The novel’s third section begins with a chapter focused on Sheriff Fate Turner and his investigation of the murders. With the coming of spring, evidence hidden by the snow is revealed, and floods force a removal of Lester’s possessions to another cave on higher ground. It is clear that Lester’s life of crime will soon be detected. But the exposure is more directly of Lester’s own doing. Despite the occasional re-emergence of “some old shed self that came yet from time to time in the name of sanity, a hand to gentle him back from the rim of his disastrous wrath” (158), he dreams one night that he is “riding to his death” (171). The next day he shows up at Greer’s place dressed in clothes and a scalp taken from his victims, ambushing him. Greer’s return fire carries away Lester’s arm, a loss that elicits no surprise in him when he wakes in a hospital. When a mob kidnaps him and threatens to kill him if he does not lead them to his victims’ bodies, Lester takes them into the caves, where he eludes them. But he is himself lost, and he wanders underground for five days seeking a way out and imagining his death. When at last he emerges, he has a moment of epiphany, recognizing himself in the face of a young boy in the window of a church bus that passes him. He returns to the hospital, affirming, “I’m supposed to be here” (192), finally achieving an ironic mode of inclusion within the community that had compounded his parents’ abandonment. He becomes a ward and possession of the community’s institutions, incarcerated in an asylum until he dies, when his body is dissected by medical students. The novel’s end juxtaposes the bagging and disposal of Lester Ballard’s mortal flesh with that of his victims, raised from their cave to be interred by the state.

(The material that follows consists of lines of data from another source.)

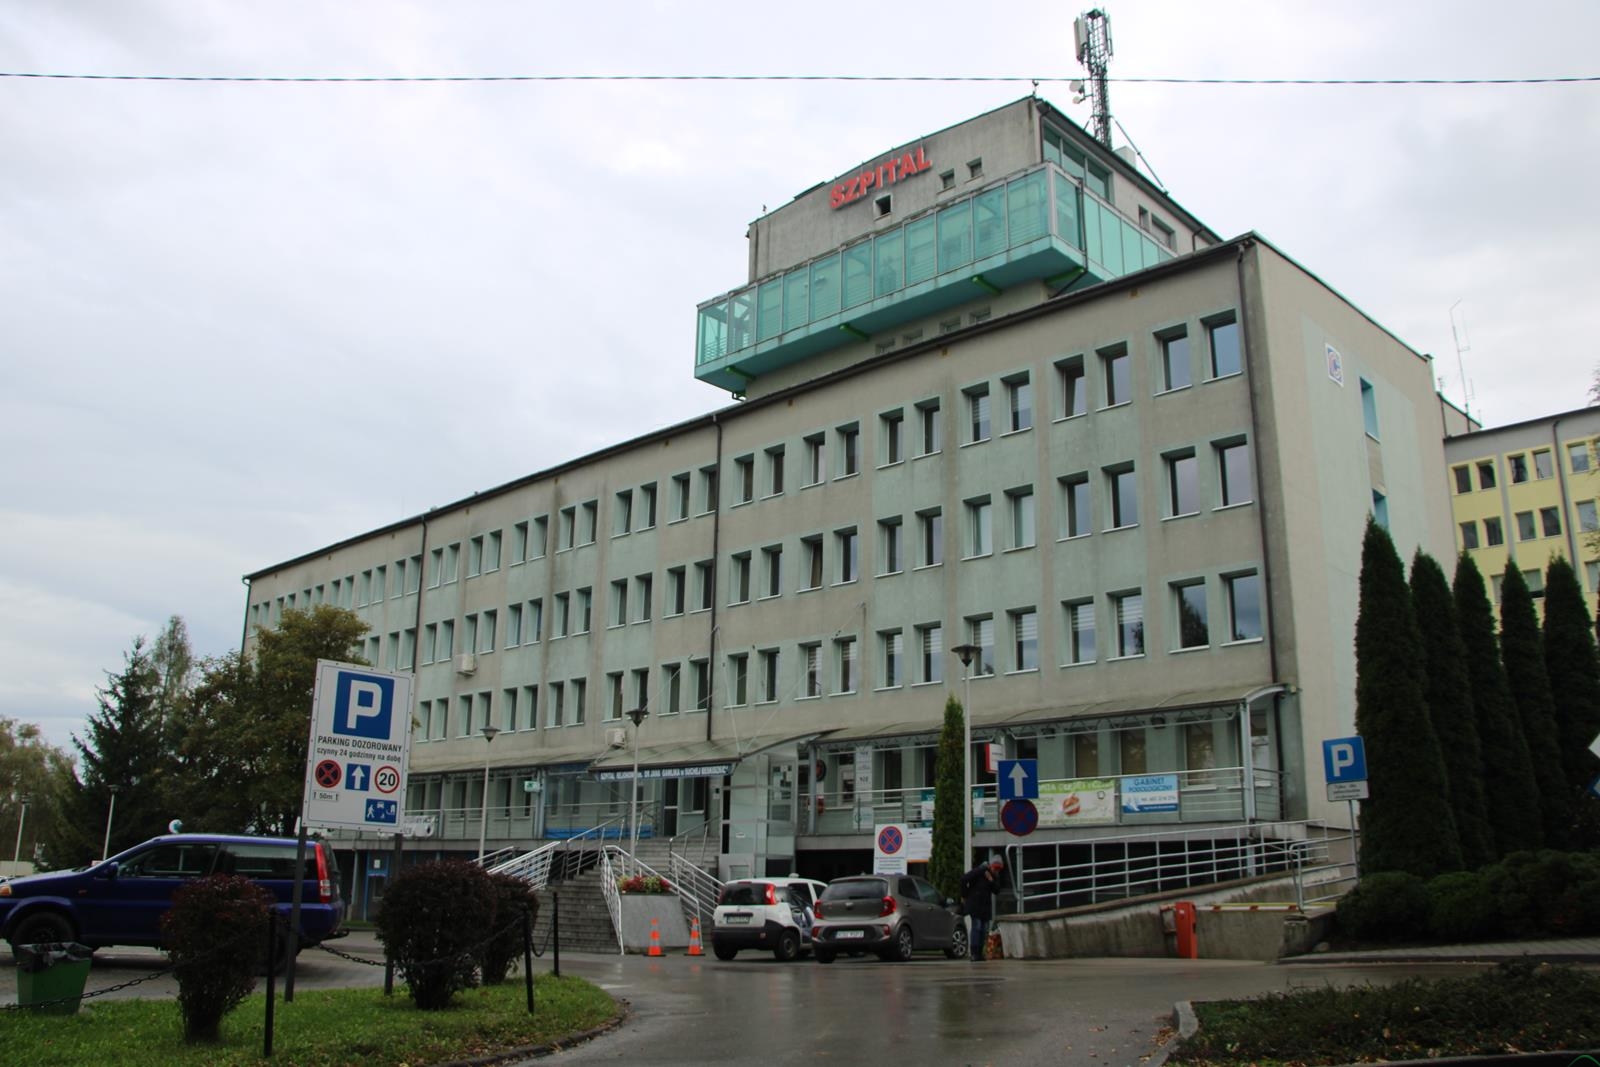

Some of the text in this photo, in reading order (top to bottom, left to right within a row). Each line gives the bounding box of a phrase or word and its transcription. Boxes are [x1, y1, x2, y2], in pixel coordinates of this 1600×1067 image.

[830, 146, 932, 209] SZPITAL
[347, 679, 382, 729] P
[318, 735, 402, 752] PARKING DOZOROWANY
[339, 748, 347, 756] 24
[1331, 743, 1354, 777] P
[379, 772, 396, 787] 20
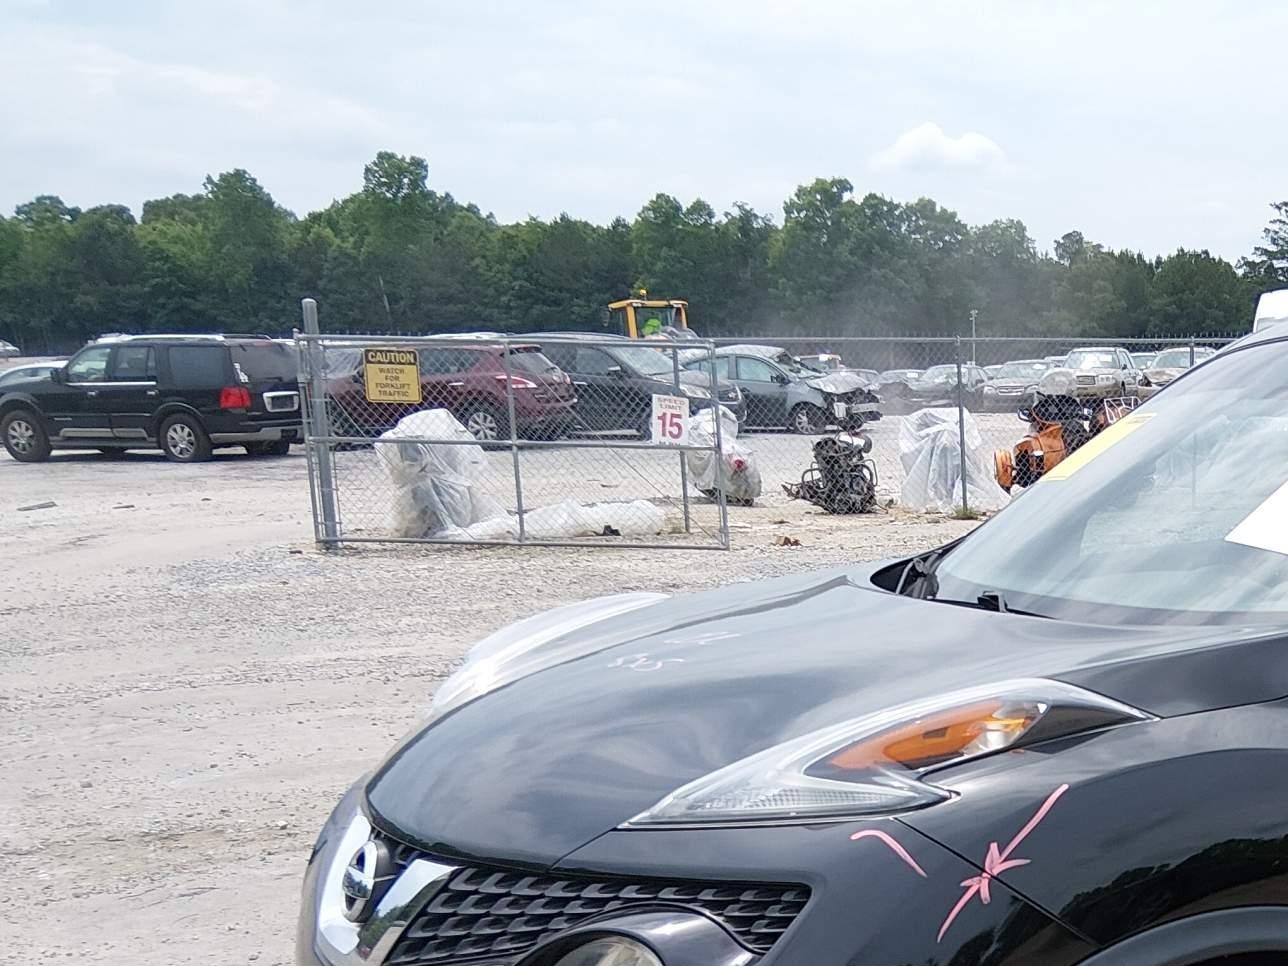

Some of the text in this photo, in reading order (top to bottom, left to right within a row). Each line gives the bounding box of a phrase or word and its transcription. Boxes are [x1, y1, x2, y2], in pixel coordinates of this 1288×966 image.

[368, 351, 415, 363] CAUTION
[375, 382, 411, 390] FORKLIFT
[378, 390, 409, 398] TRAFFIC
[657, 397, 685, 406] SPEED
[657, 412, 683, 439] 15
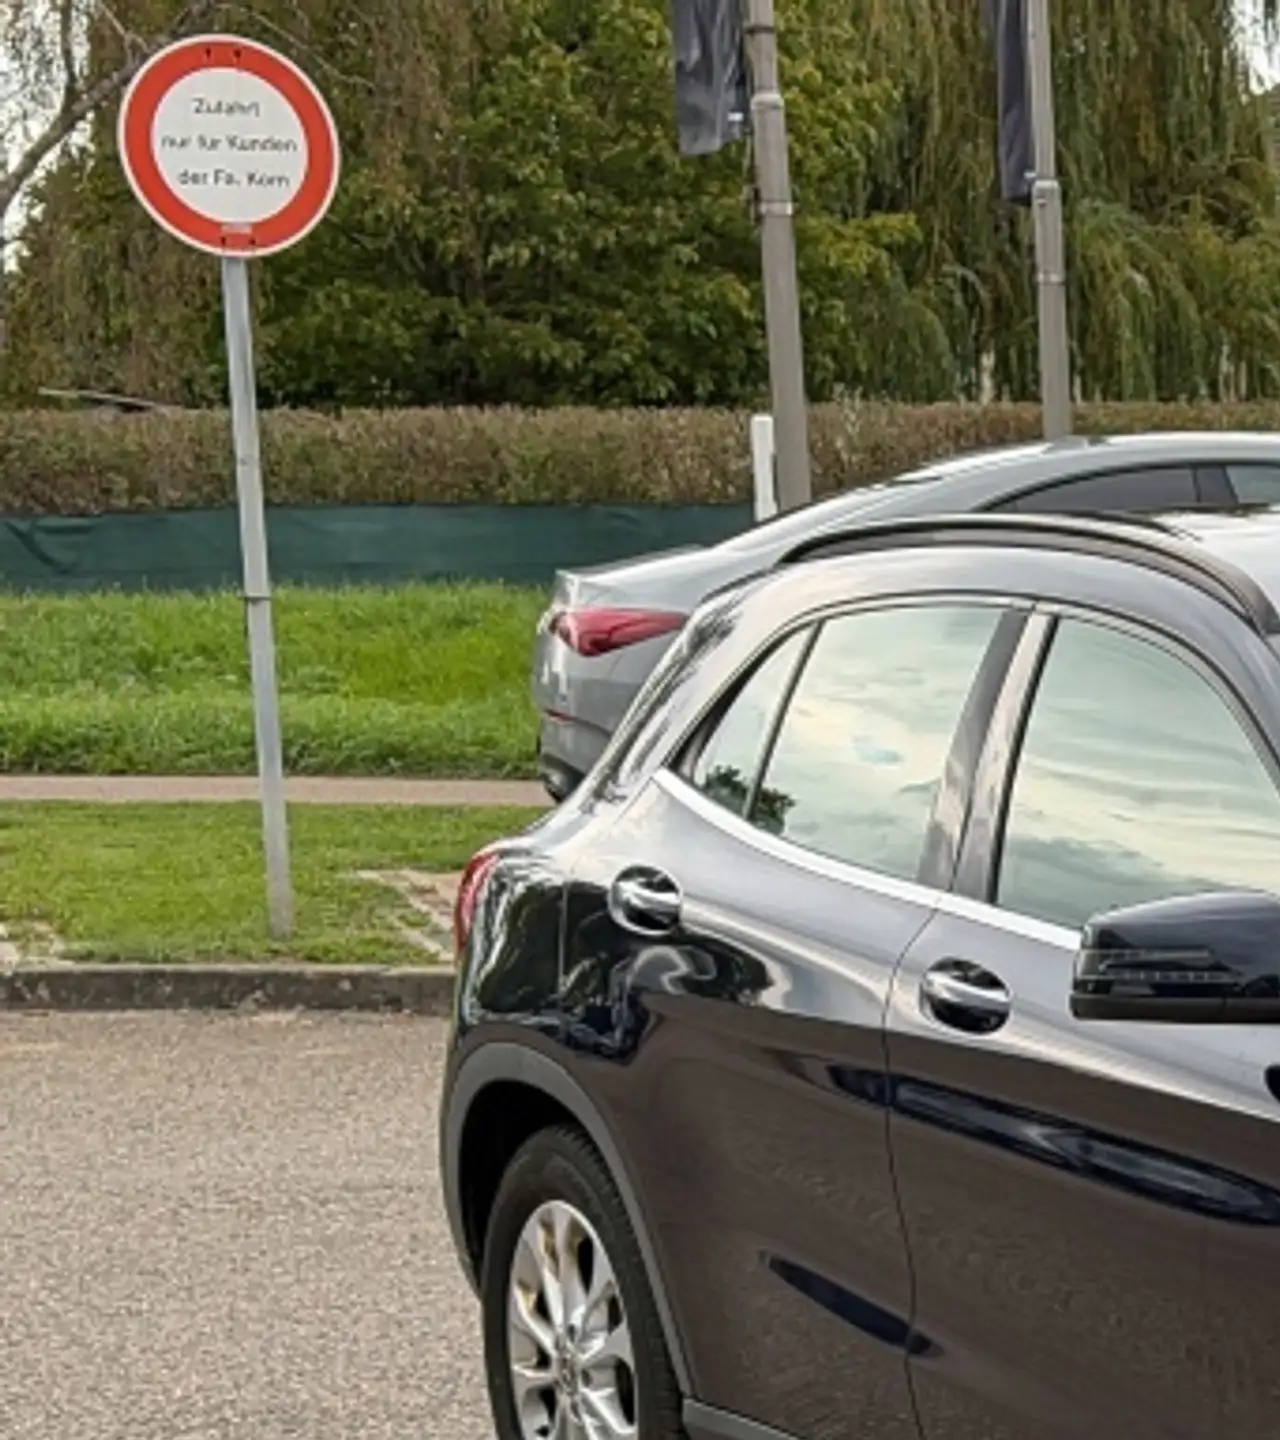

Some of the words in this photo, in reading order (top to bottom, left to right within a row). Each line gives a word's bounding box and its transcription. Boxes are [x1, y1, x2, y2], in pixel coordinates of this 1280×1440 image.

Child of God is apparently based on a historical murder case in Tennessee, and McCarthy’s story is anchored within a rich texture of realistic detail. Yet it is also rich in metaphysical suggestion, and with its economy of focus, pared of extraneous incident, character or subplot, it can be read as myth or parable, much like Outer Dark (1968). Despite its tracing of Lester’s process of alienation and loss of moral direction, the novel resists all effort on the part of community or reader to explain empirically either his crimes or his quasi-redemption. The novel insists that such explanations are specious a posteriori false comfort, and that Lester Ballard is finally, or potentially, everyman: “A child of God much like yourself perhaps” (4).